SpecialFocus

he food processing industry has always used a myriad of food grade thermoplastics in order to satisfy complex application requirements, while remaining safe and detectable. Some plastics are used interchangeably, while others have special properties that cannot easily be replaced. What if many critical material properties could be fulfilled by a single material? Polyurethane elastomers are recently replacing traditional thermoplastics in food processing applications due to their low tooling costs and wide range of properties, ranging from rubber-like to plastic-like.
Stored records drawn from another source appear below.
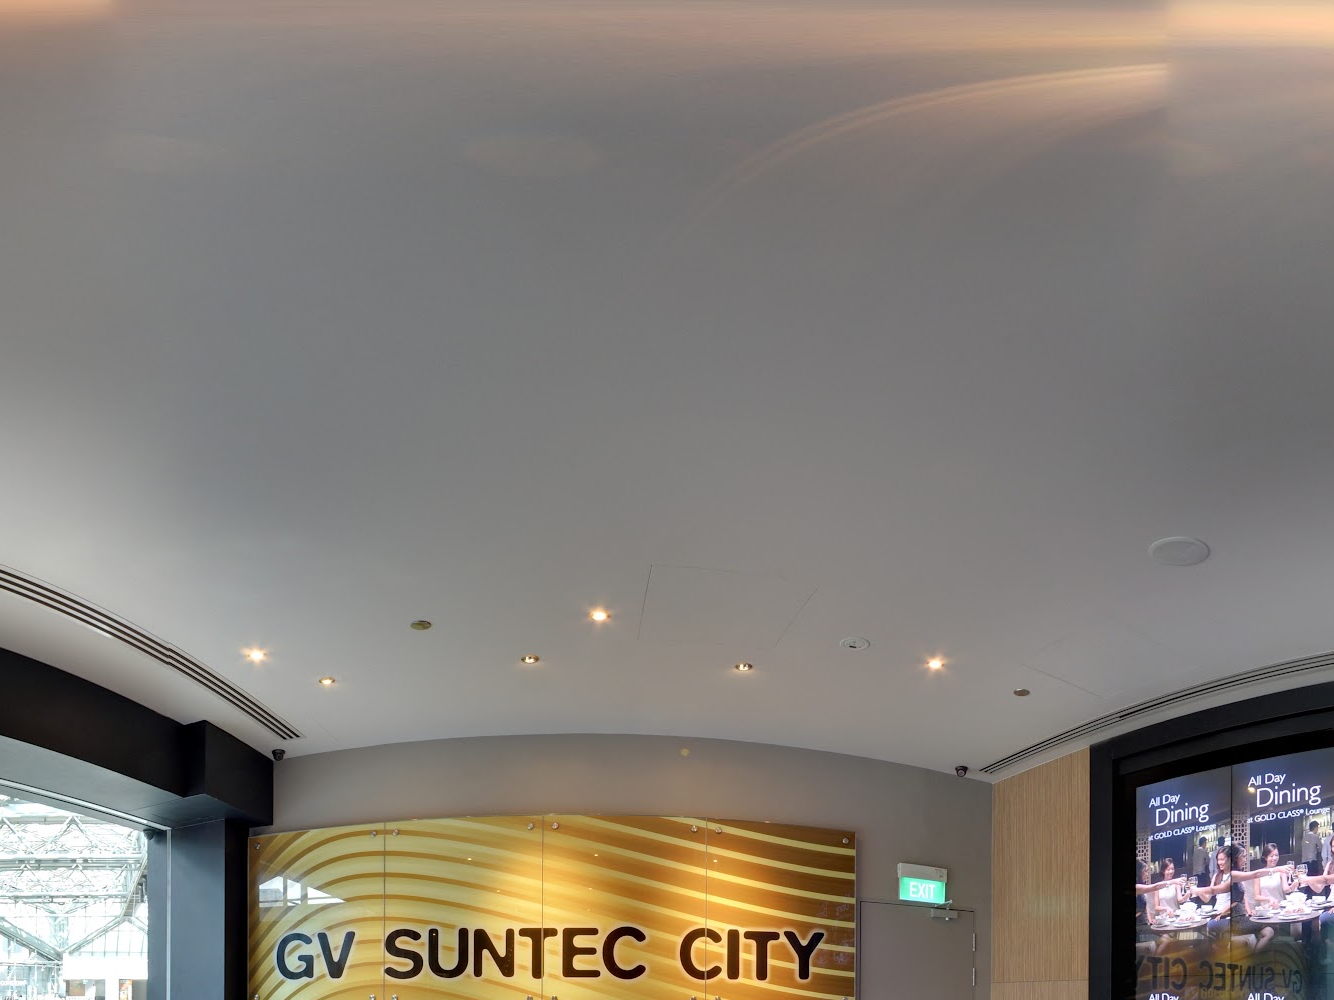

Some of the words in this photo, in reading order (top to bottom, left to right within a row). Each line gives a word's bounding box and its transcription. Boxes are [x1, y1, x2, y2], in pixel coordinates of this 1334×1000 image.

[1248, 775, 1262, 787] All
[1264, 773, 1286, 785] Day
[1149, 796, 1160, 808] All
[1162, 794, 1180, 806] Day
[1256, 783, 1322, 807] Dining
[1155, 803, 1209, 827] Dining
[1254, 812, 1276, 823] GOLD
[1305, 807, 1330, 817] Lounge
[1154, 830, 1172, 841] GOLD
[1195, 823, 1217, 833] Lounge
[909, 881, 936, 900] EXIT
[274, 929, 356, 981] GV
[383, 925, 646, 981] SUNTEC
[679, 928, 826, 981] CITY
Traditional plastics have always been chosen based on one or two properties, at the expense of the other critical properties, leading to a shorter part life cycle, or an underwhelming application performance. A few of the key physical properties engineers must keep in mind while selecting materials for a food process are cost, detectability, chemical resistance, heat resistance and flammability, abrasion resistance, weight and rebound rate. There are plenty of other properties to consider, however these are just some of the complex application requirements a process, quality, and mechanical engineer might consider.

Until recently, the food industry has relied on a wide selection of materials, from UHMW and POM, to PP and nylon, each selected to maximize one or two properties, but forgoing other critical properties. One example of this is the commonly used ultra-high molecular weight polyethylene (UHMW-PE). UHMW-PE is a great material chosen for food processing due to its abrasion resistance, X-ray ability and its food safety capability. However, due to a low melt flow, the material often needs to be machined to create complex shapes. This increases labor costs and creates extra waste.

The ability to reduce routing steps marks one of the main reasons engineers are making the shift to polyurethane. The cast process that polyurethane demands allows for the production of a finished part, similar to injection molding, without the additional cost of complex tooling or expensive machinery. This means polyurethane is cost effective as you scale and the materials it’s replacing reflects this. Polyurethane elastomers are now replacing UHMW, HDPE, nylon, POM (acetal) and other similar thermoplastics in favor of the reduced tooling cost and versatile durometer range. Polyurethane elastomers offer a wide range of physical properties including high impact resistance, excellent rebound rate, good tear strength, good chemical resistance and high abrasion resistance.

Polyurethane elastomers can also be formulated to meet specific food grade requirements, such as FDA compliance and antimicrobial properties. Additives can reduce or increase abrasion resistances, are anti-static and offer all three major forms of detection; from color detection and X-ray, to metal detection. The material also allows for bonding to other materials such as metal, plastics or rubbers. This even allows companies to reclaim the metal bonded to polyurethane at the end of a part’s life cycle and rebond polyurethane to the same reclaimed metal.

The number one characteristic of polyurethane that is fueling this new wave of change is the material’s hardness range or durometer. Polyurethane elastomers belong to a category of synthetic rubber that exhibits plastic characteristics. This allows parts to range from being as soft as a gummy bear, to as hard as a bowling ball. This range allows for the fine tuning of many of the critical physical properties mentioned earlier. With this unique characteristic, the same mold can make parts of the same dimensions, but with very different physical properties. This is highly useful in not only production, but during the prototyping phase as well.

Metal Detectable Polyurethane Rubber used in food processing

Manufacturing processes have traditionally been limited by the material chosen for the application. Injection molding is the most common among these but comes at the expense of very high tooling costs and lead time. Other manufacturing processes, such as compression molding, may be used but has geometric limitations and generally produces a lower quality finish. This is the process used for UHMW components and other rubbers. Polyurethane uses a liquid cast process that produces engineering grade components with a low upfront tooling cost and shorter lead times.

In terms of heat resistance, polyurethane elastomers can be formulated to withstand high temperatures, making them suitable for use in applications such as ovens. This places polyurethane operating temperatures below engineer grade plastics such as PEEK, PEI or PPS, but above most POM, PP, PMMA, and on a similar level as nylon. Polyurethane can perform in consistent temperatures of 250 °F and up to 300 °F with specialized formulas. Additionally, they have low flammability and can meet various flammability standards.

Polyurethane does struggle to perform with applications experiencing high exposures to steam or select chemicals. However, most food grade wash down processes can expect to see hundreds or thousands of cycles before parts break down. Polyurethane parts can even be submerged under water for years and continue to perform. The versatility of polyurethane elastomers allows them to be used in a variety of food processing applications regardless of size or complexity, such as conveyor belts, sprockets, gears, dividers, seals, gaskets, rollers and more.

In summary, the use of polyurethane elastomers in the food processing industry offers a range of benefits over traditional thermoplastics, including cost-effectiveness, versatility and improved application performance. As a result, more engineers and manufacturers are turning to polyurethane elastomers as their material of choice for food processing applications in order to improve part life, reduce tooling costs and increase available detection methods.